Fun fact: if you've slept too much on Sunday because, like, you lay down for a sec at 4 and then it's8 suddenly, and then you watch "To Catch a Thief" right before you go to bed, you will still sleep restlessly, but it will be Cary Grant who shakes you awake in your dreams, pulling you to urgent champagne parties and dips in the Mediterranean. I.e.: do it. (Also, and this isn't original, can I be Grace Kelly when I grow up?)

Thursday, February 18, 2010

Something I'm bad at

is keeping things in perspective. Like for instance right now I'm grumpy and unmotivated and downdowndownering. And I've spent the last couple of weeks certain that this, finally, is who I am. That I've ruined my life forever, that I will never recover, that I will spend the rest of my years failing at insignificant things and lonesome.
I draw these conclusions regardless of the fact that I draw them every year (Dear February: what did I ever do to you?), and every year, when May comes around and I'm dazzled by the brilliance of Utah in spring (it is waaaay greener that I ever remember and unrelentingly beautiful) and am suddenly highly motivated and all kinds of friendly. Regardless of the fact that everyone hates graduate school. That graduate school is, in fact, a hell on earth, the firey gateway to a very lovely (if competitive, I know) profession and no one likes graduate school. Why I thought I'd be different I'm not sure.

My impulse here is to give me a pep talk/kick in the pants: you are better than this! You can do it! Work your way through it! What the hell are you doing!? But I'm not really in the mood and usually anyway that sort of thing is the opposite of motivational. Instead, I'm going to get another donut, dowse my sorrows in Diet Coke, work on getting the couple of things I have to get done today done, and maybe, you know, read another 250 pages of The Lord of the Rings tonight. (I'm thinking I'm going to skip over most of the Frodo bits. Could he be more dramatic? It makes me want to light myself on fire.)

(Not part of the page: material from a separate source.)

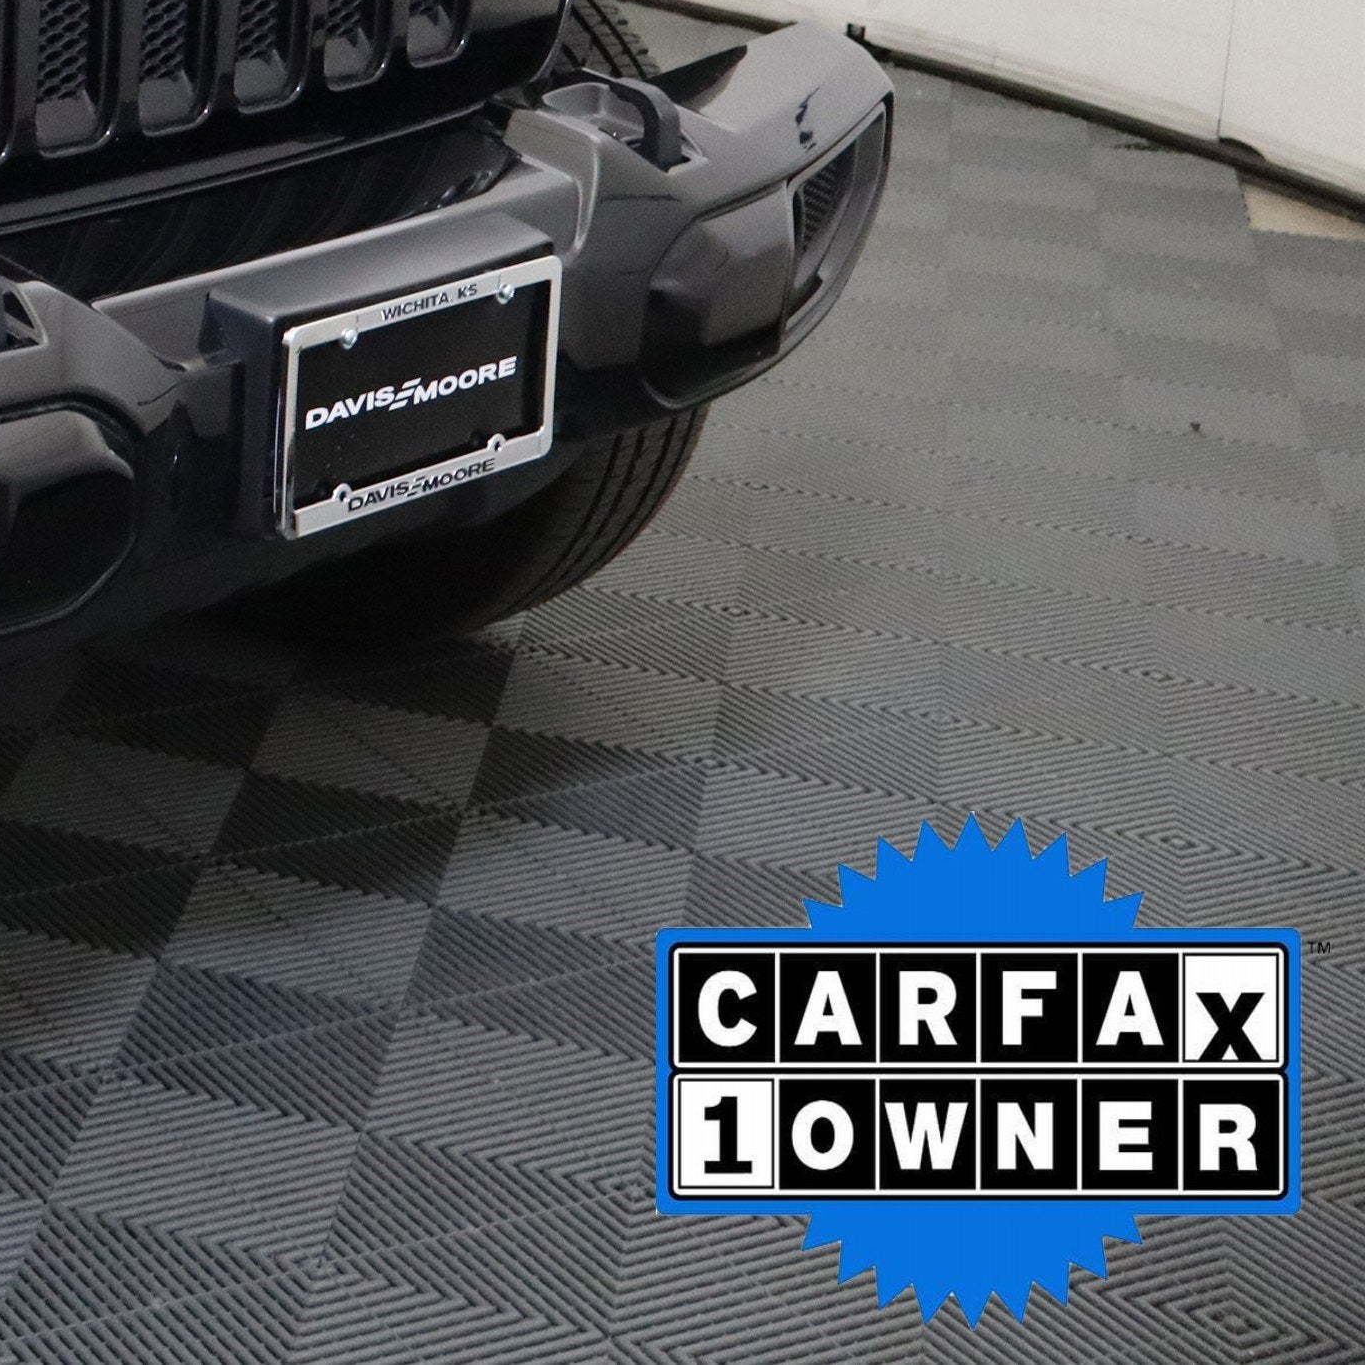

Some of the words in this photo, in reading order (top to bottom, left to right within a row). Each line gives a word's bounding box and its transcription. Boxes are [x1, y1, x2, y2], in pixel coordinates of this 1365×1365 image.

So. An icy fountain drink toast: to SAD. To May. To me.

Friday, February 12, 2010

On hope.


Stuff you are worse at without hope:

teaching
learning
writing
relationships

So.



(More eloquent.)

Wednesday, February 10, 2010

On poetry. Agency in. Me and.

Do you like how I forgot to finish yesterday's post? I think there was supposed to be another sentence or two in there, and I forgot them.

The complainy part (it's short and there's pay-off): It's getting to the point when my days seems heavy--so much time to fill before I get to go to eat lunch, go to bed, etc. I should be filling days with, you know, putting together annotated bibliographies and charming professors into chairing my thesis. Or something. But instead, they drag. I'm avoiding. I hates it.

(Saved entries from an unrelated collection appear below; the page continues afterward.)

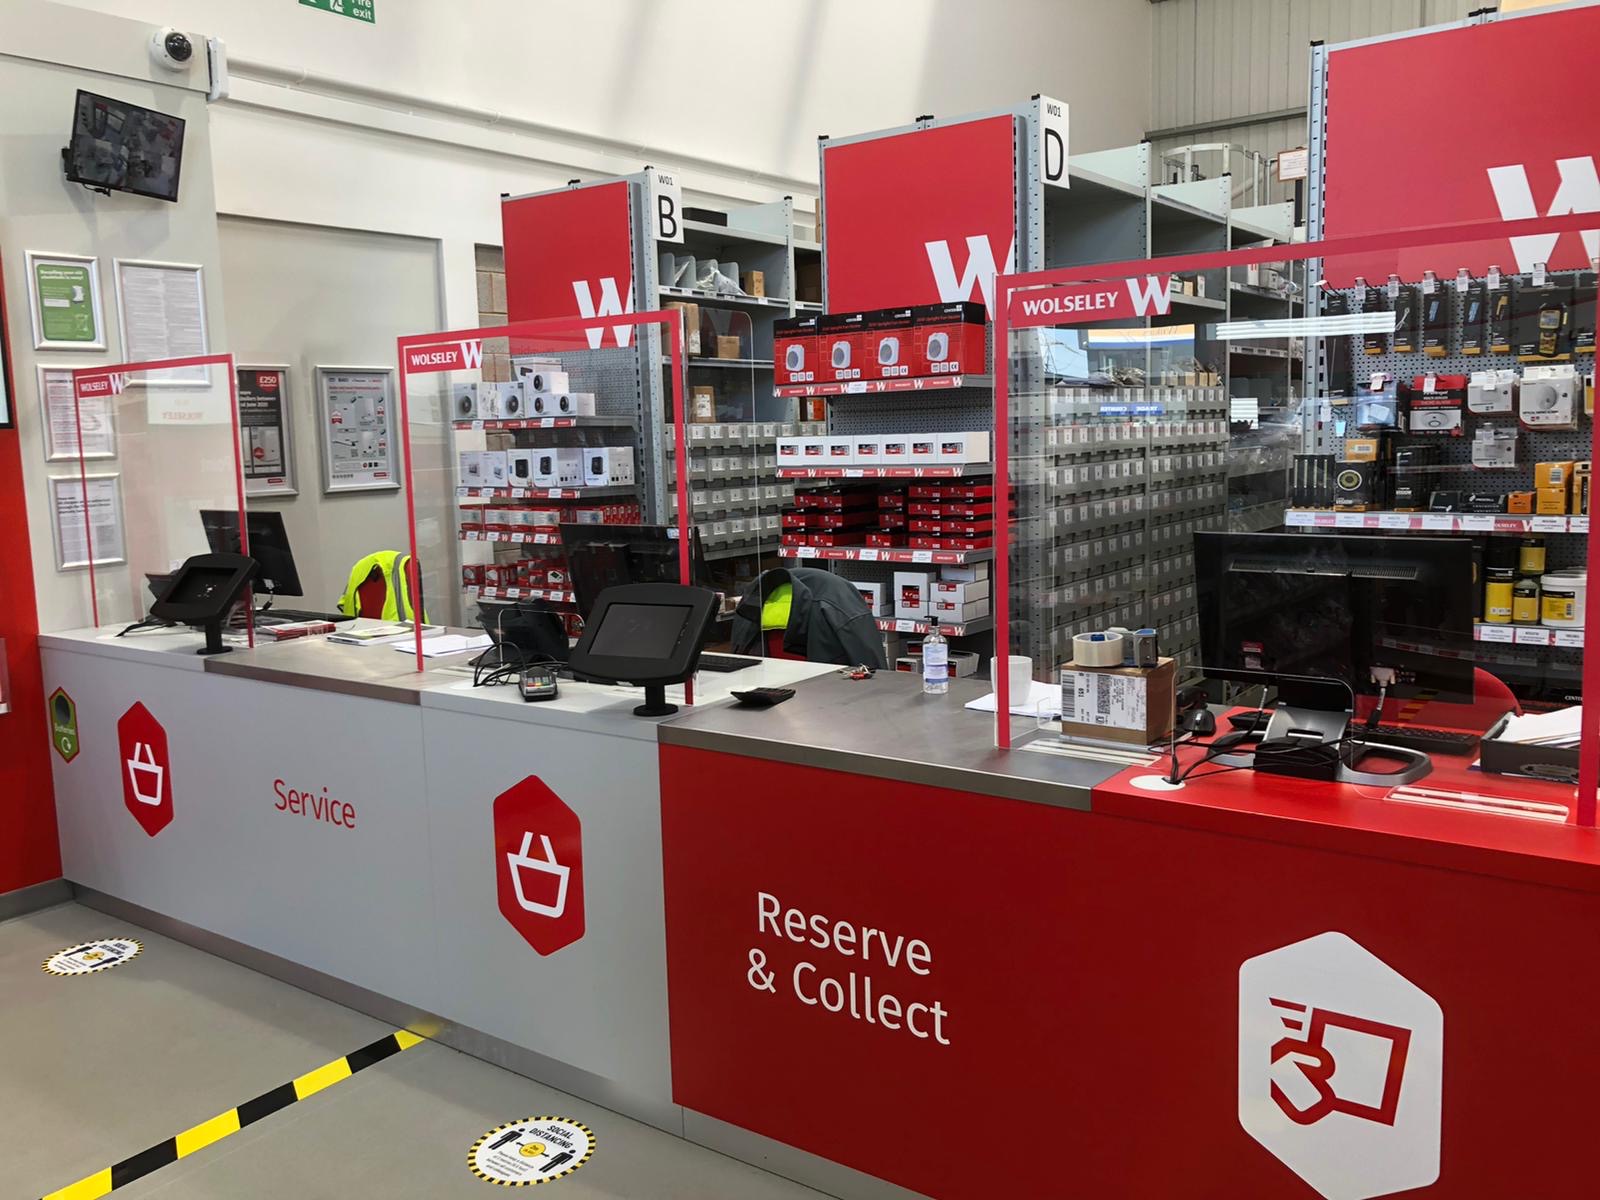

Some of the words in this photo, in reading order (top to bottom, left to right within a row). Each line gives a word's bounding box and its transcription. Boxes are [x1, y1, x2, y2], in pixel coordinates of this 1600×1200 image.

[352, 8, 373, 20] exit
[1046, 102, 1062, 118] W01
[1044, 127, 1065, 182] D
[657, 173, 674, 187] W01
[657, 194, 678, 239] B
[1022, 291, 1119, 317] WOLSELEY
[1125, 275, 1171, 317] W
[572, 277, 635, 350] W
[410, 351, 458, 366] WOLSELEY
[460, 341, 483, 369] W
[80, 381, 109, 392] WOLSELEY
[109, 373, 124, 395] W
[259, 376, 277, 384] £250
[807, 386, 815, 395] W
[877, 381, 887, 391] W
[914, 379, 924, 389] W
[807, 468, 816, 477] W
[877, 468, 887, 477] W
[914, 468, 925, 477] W
[952, 467, 964, 477] W
[846, 550, 855, 559] W
[881, 551, 891, 561] W
[879, 620, 890, 630] W
[273, 778, 356, 830] Service
[757, 890, 932, 976] Reserve
[746, 947, 776, 994] &
[792, 960, 951, 1046] Collect
[528, 1127, 574, 1150] DISTANCING
[547, 1125, 574, 1140] SOCIAL

The (cryptic) resolve: a poem I wrote--

Grounds


I knew, when I closed the door,

(we’d just painted it the color of a hershey’s bar

and it stuck a little

and was built heavy anyway)

Turned the deadbolt,

Walked straight into the sun,

That the hummingbird I left in the shed

Wouldn’t last the weekend,

Not even the day, probably—

Panicked and shut up in the dark.

According to Wikipedia,

Hummingbirds are continuously hours away from starving to death,

Which is a thing I kind of knew already

(but the internet puts it better than I could).

This morning, gathering sand

and grass clippings

from the corners with a push broom

I found and swept its body (it dried out like a moth,

To almost nothing)

Into a metal dustpan.

I wasn’t surprised. But was—

What?

Felt like I should mourn

A little.

Before I sifted the lot into the trashbin.

It got caught, was the thing.

Our shed’s facing rolling doors—

The springloaded ones,

With chain-pulleys—

Were open all day:

I was driving the mule in and out,

Loading and unloading trash,

Loading hoses, the leaf blower, the air compressor

(we kept our pavilions clean)

It must’ve flown in and up,

Toward fluorescent lights that weren’t the sun,

Buzzing up near the cinder block ceiling.

I tried shooing with a broom,

Tried bright orange sprinkler flags near the doors

(this works with bigger birds)

Even climbed up the ladder

And interfered till I worried for the poor fellow’s heart.

(My sister once scared baby quail to death with a plastic grocery bag).

But birds are dumb,

And my day was through.

So I put the flags and ladder away,

Left a half-dozen wildflowers on a wheelbarrow

And turned out the lights.



I don't love this poem. Later it will be richer, poetically, and shorter, and the tone will be consistent. But the thing is, the criticism that cut deepest because I know it's true and haven't the slightest idea how to fix it, is that the speaker isn't implicated. S/he isn't an agent in this poem, doesn't act. My classmates wished the speaker would've killed the bird outright or something.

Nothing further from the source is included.